Our 23-year-old son still lives at home. In mid-March he asked if his girlfriend could move in with us too, as they wanted to be together if the country went into lockdown.
We have always got along well with her and didn’t expect the lockdown period to last more than a few weeks so said yes. However we are becoming less and less happy with the arrangement.
Both have been put on furlough as the restaurant and theatre where they work had to close. Now they sit around all day, watching what they want on television, drinking our wine and eating us out of house and home. The cost of our weekly Ocado shop has gone from £150 to almost £200.
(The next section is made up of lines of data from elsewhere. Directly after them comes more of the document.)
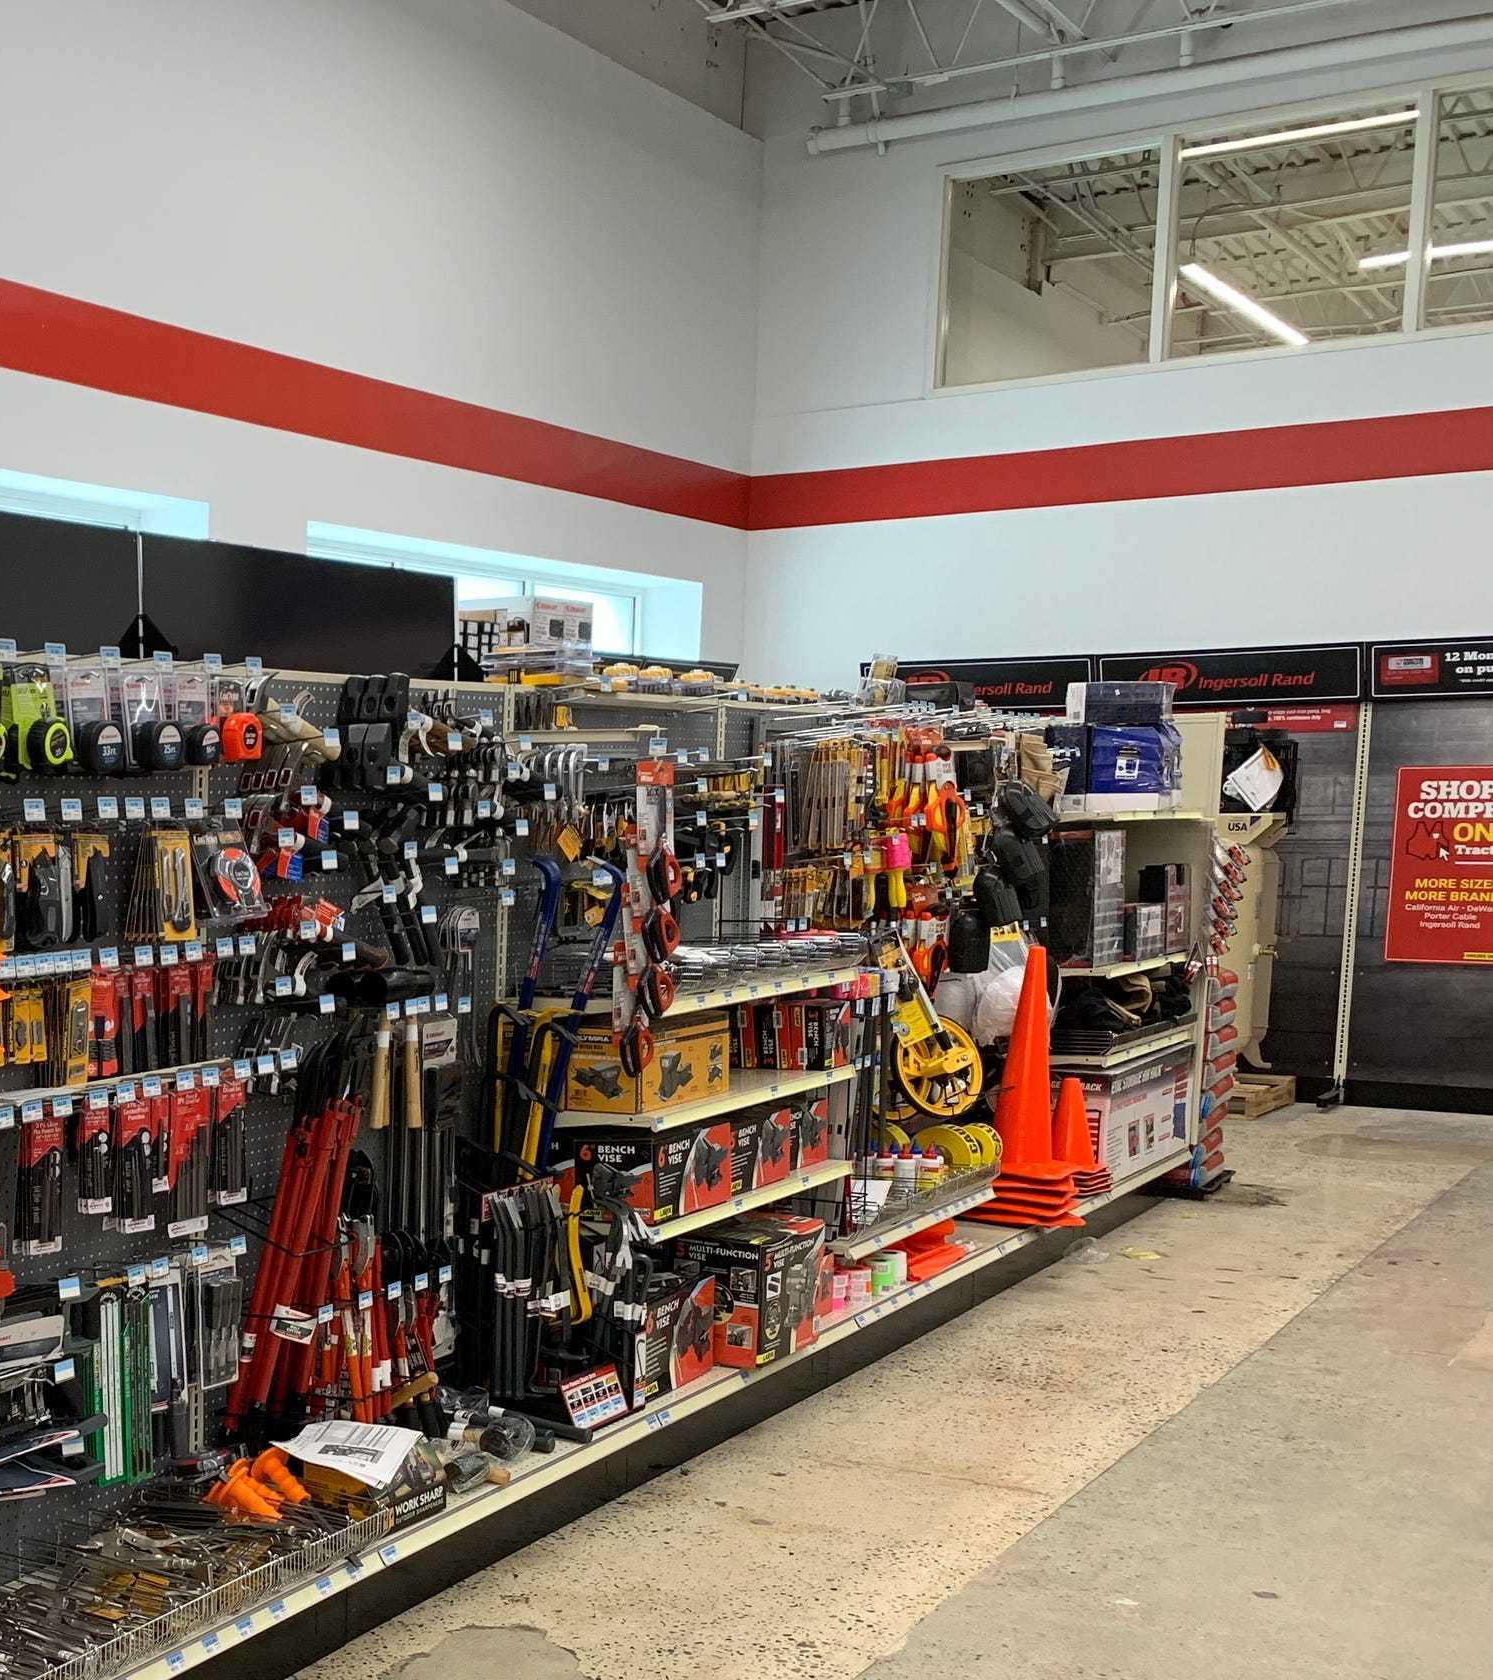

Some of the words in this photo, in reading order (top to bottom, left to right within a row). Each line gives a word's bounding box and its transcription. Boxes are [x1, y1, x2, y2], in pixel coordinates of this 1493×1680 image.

[1444, 652, 1461, 662] 12
[1455, 665, 1474, 674] on
[1198, 674, 1270, 691] Ingersoll
[1271, 671, 1316, 687] Rand
[974, 681, 1012, 696] ersoll
[1014, 681, 1054, 695] Rand
[1228, 822, 1248, 832] USA
[1414, 878, 1457, 889] MORE
[1460, 878, 1493, 889] SIZE
[1405, 891, 1447, 901] MORE
[1405, 903, 1451, 912] California
[1452, 903, 1460, 912] Air
[1424, 912, 1450, 920] Porter
[1452, 912, 1478, 921] Cable
[1419, 920, 1456, 930] Ingersoll
[1457, 920, 1481, 929] Rand
[738, 1124, 757, 1139] BENCH
[668, 1138, 691, 1155] BENCH
[737, 1136, 750, 1147] VISE
[597, 1145, 636, 1155] BENCH
[597, 1154, 623, 1163] VISE
[668, 1153, 683, 1165] VISE
[689, 1244, 759, 1260] MULTI-FUNCTION
[689, 1252, 707, 1262] VISE
[774, 1258, 785, 1269] VISE
[657, 1298, 680, 1318] BENCH
[656, 1315, 671, 1330] VISE
[395, 1496, 420, 1516] WORK
[419, 1485, 444, 1506] SHARP
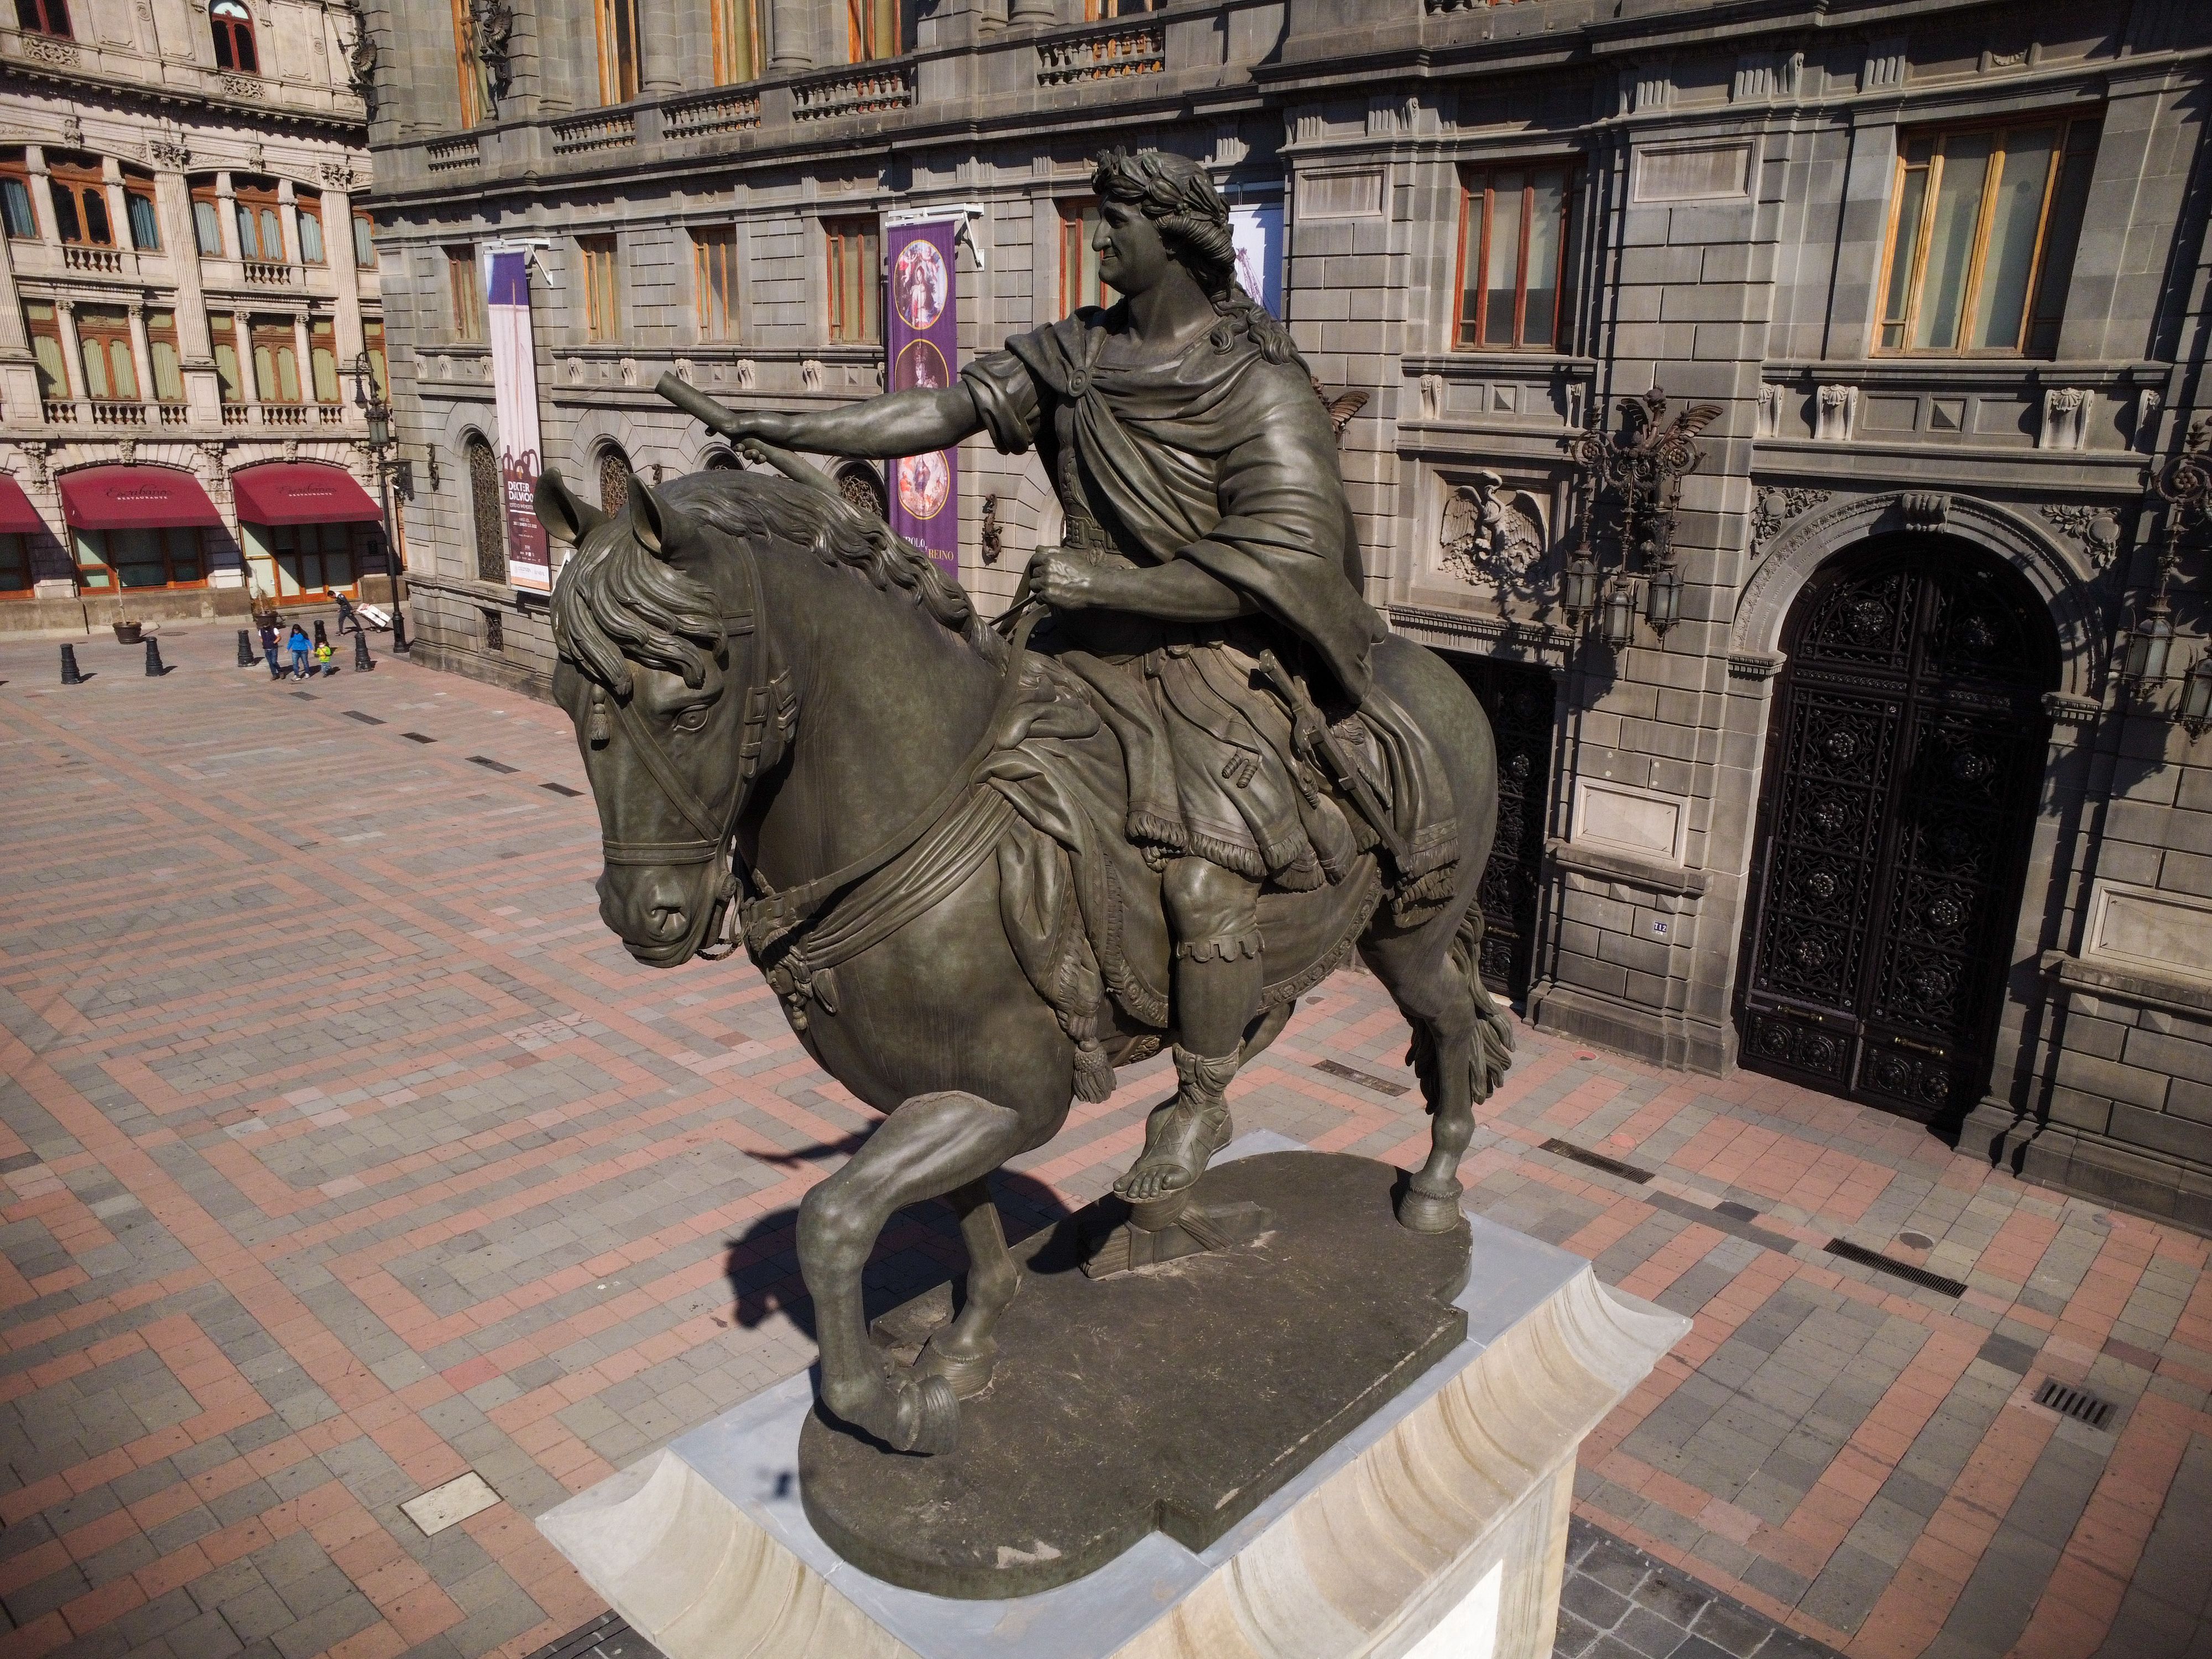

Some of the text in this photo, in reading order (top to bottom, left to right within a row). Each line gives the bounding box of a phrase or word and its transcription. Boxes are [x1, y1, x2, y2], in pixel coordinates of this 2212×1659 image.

[508, 481, 530, 493] DEXTER
[509, 491, 534, 503] DALWOO
[928, 549, 954, 561] REINO
We are also having to spend more on heating and water and have found the internet has slowed down with everyone at home using it. They are not very good at helping out with the cooking or cleaning either.
At first we said she would not have to pay rent, but can we now change our mind and ask her to contribute?
She is still receiving 80pc of her salary while on furlough and is no longer having to pay her landlord as she has arranged to take a break from rental payments while not working. We’re not struggling for money, we just feel it’s not our duty to be paying for her to live for free.
You made a very generous decision in welcoming someone into your home. However, you did so in full knowledge that the lockdown could go on indefinitely.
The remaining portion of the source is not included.